WOMEN EMPOWERMENT - WHO IS A WOMAN: A FEMINIST PERSPECTIVE OF THE SOCIETAL CONSTRUCT


This article has been authored by Surabhi Mehta, a second year law student at Xavier Law School, St. Xavier’s University, Kolkata.


Introduction.


Institutions in our society are often seen as preserving and perpetuating the concept of who is a man and who is a woman, deliberately giving rise to what is referred to as ‘gender roles’. The society has conceptualized men as being the favorable gender, or rather the dominant, stronger, and powerful, and women, being submissive, inferior, and weaker section of the society. For this patriarchal driven society, men and women are the only two natural genders and anything diverting from this is not normal and deemed to be unnatural. Our society have inculcated in our roots that only two default gender exists which has therefore resulted in a biased mindset and made us far behind in adopting an inclusive environment for all. The society maybe fails to understand that this is not right and instead of being inclusive, the society entails guidelines or rather, benchmarks of being a man or woman which gets imposed on a person by birth. This not only makes the queer community feel excluded, but also creates pre-assigned expectations that are associated with the gender of a person. Firstly, the very concept of assigning the gender of a new born child itself is ambiguous. How can one be so sure that a male born child will grow up to be comfortable identifying as a male? This standardization is very harmful both for the individual and also for the society at large in the long term. If an individual does not comply with the determined expectations of the society, he/she/they will feel excluded and will be ridiculed for behaving differently, or rather for being queer (different). Secondly, where is the reasonableness of such distinctions? Why do we need such kind of distinctions regulate the role and choices of an individual?

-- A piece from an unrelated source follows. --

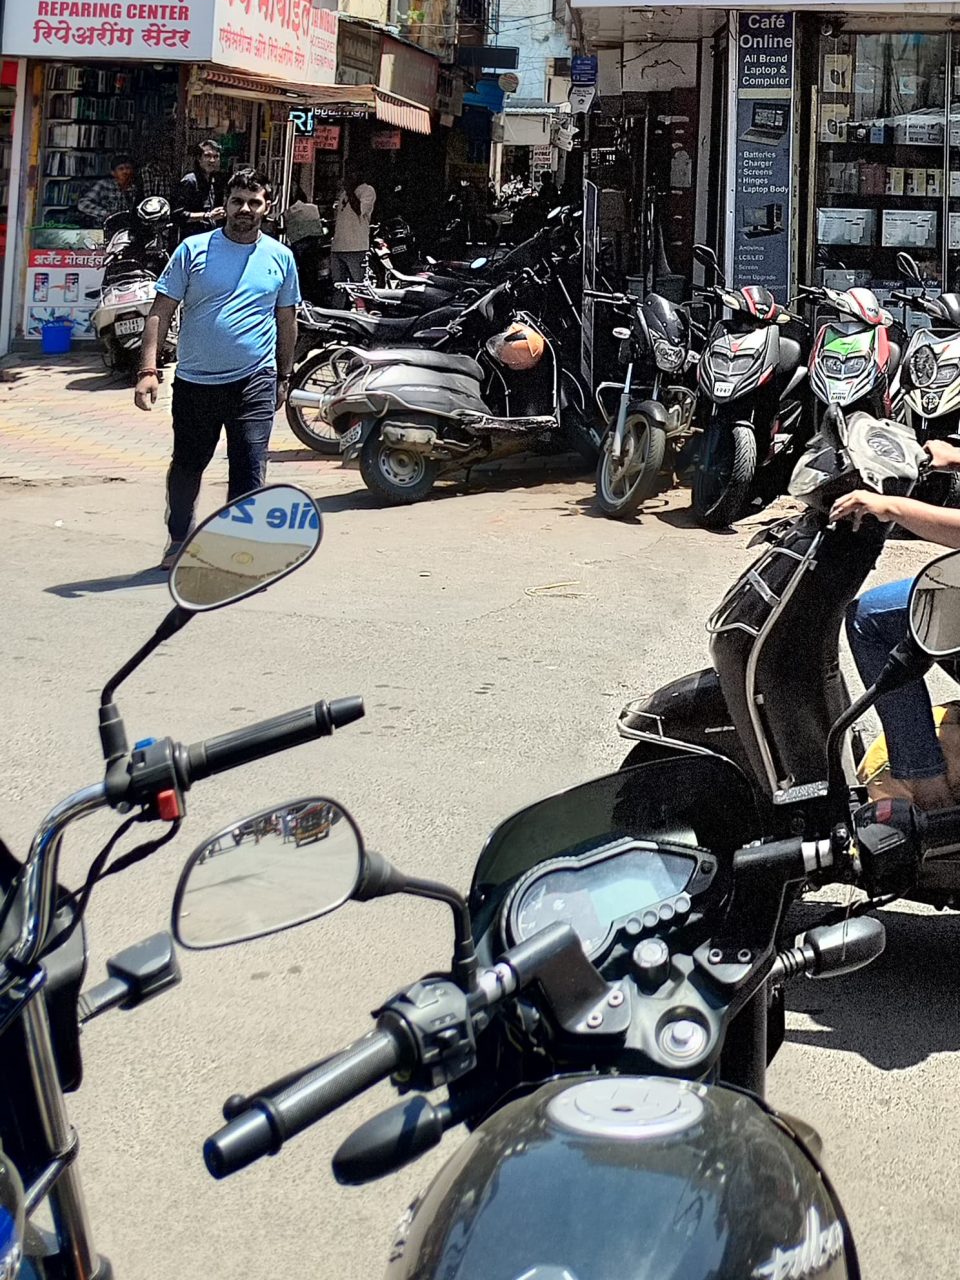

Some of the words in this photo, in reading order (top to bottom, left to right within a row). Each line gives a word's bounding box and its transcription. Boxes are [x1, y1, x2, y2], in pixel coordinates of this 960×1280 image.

Who is a woman: A feminist perspective of the societal construct.


“Do I wear pink because I am a woman, or am I a woman because I wear pink?”


I begin my understanding with the above mentioned line. What is gender and what is the difference between gender and sex? The very basic misconception with the use of the term ‘gender’ is that it is interchangeably used with ‘sex’. Although, this is not the right way. “Gender” is the term we use to refer to how a person feels about himself as a boy/man or feels about herself as a girl/woman. Gender identity, used to describe the traditional social roles for males and females, is the term for how a person self-identifies in terms of being a boy/man or girl/woman. ‘Gender Identity’ is how someone feels on the inside, the extent to which one identifies as being either masculine or feminine and ‘Gender Expression’ describes how someone chooses to present their gender to the world. 'Sex', on the other hand relates to the biological distinction assigned at birth. Sex is defined by genitals, including internal sex organs, chromosomes and hormones. It refers to physical or physiological differences between males and females, including both primary sex characteristics (the reproductive system) and secondary characteristics such as height and muscularity. However, even sex cannot be a complete biological concept as there have been debates that raise the concept that even sex of a person is a social and variable process. Hence, a mere reading of these will again raise a question that where is the distinction between a man and a woman. Gender relates to the concepts of masculinity and femininity. But where lays the definition of being masculine or feminine?


A feminist reading of the same will question the very basis of this distinction. The society has framed these concepts of masculinity and femininity by relating valour and pride with signs of the former and relating meekness and humility with signs of the latter. A deeper introspection on these concepts will then make us realise how they are weird and subjective terms and gives rise to social distinctions associated with being male or female leading to the birth of pre-determined gender roles.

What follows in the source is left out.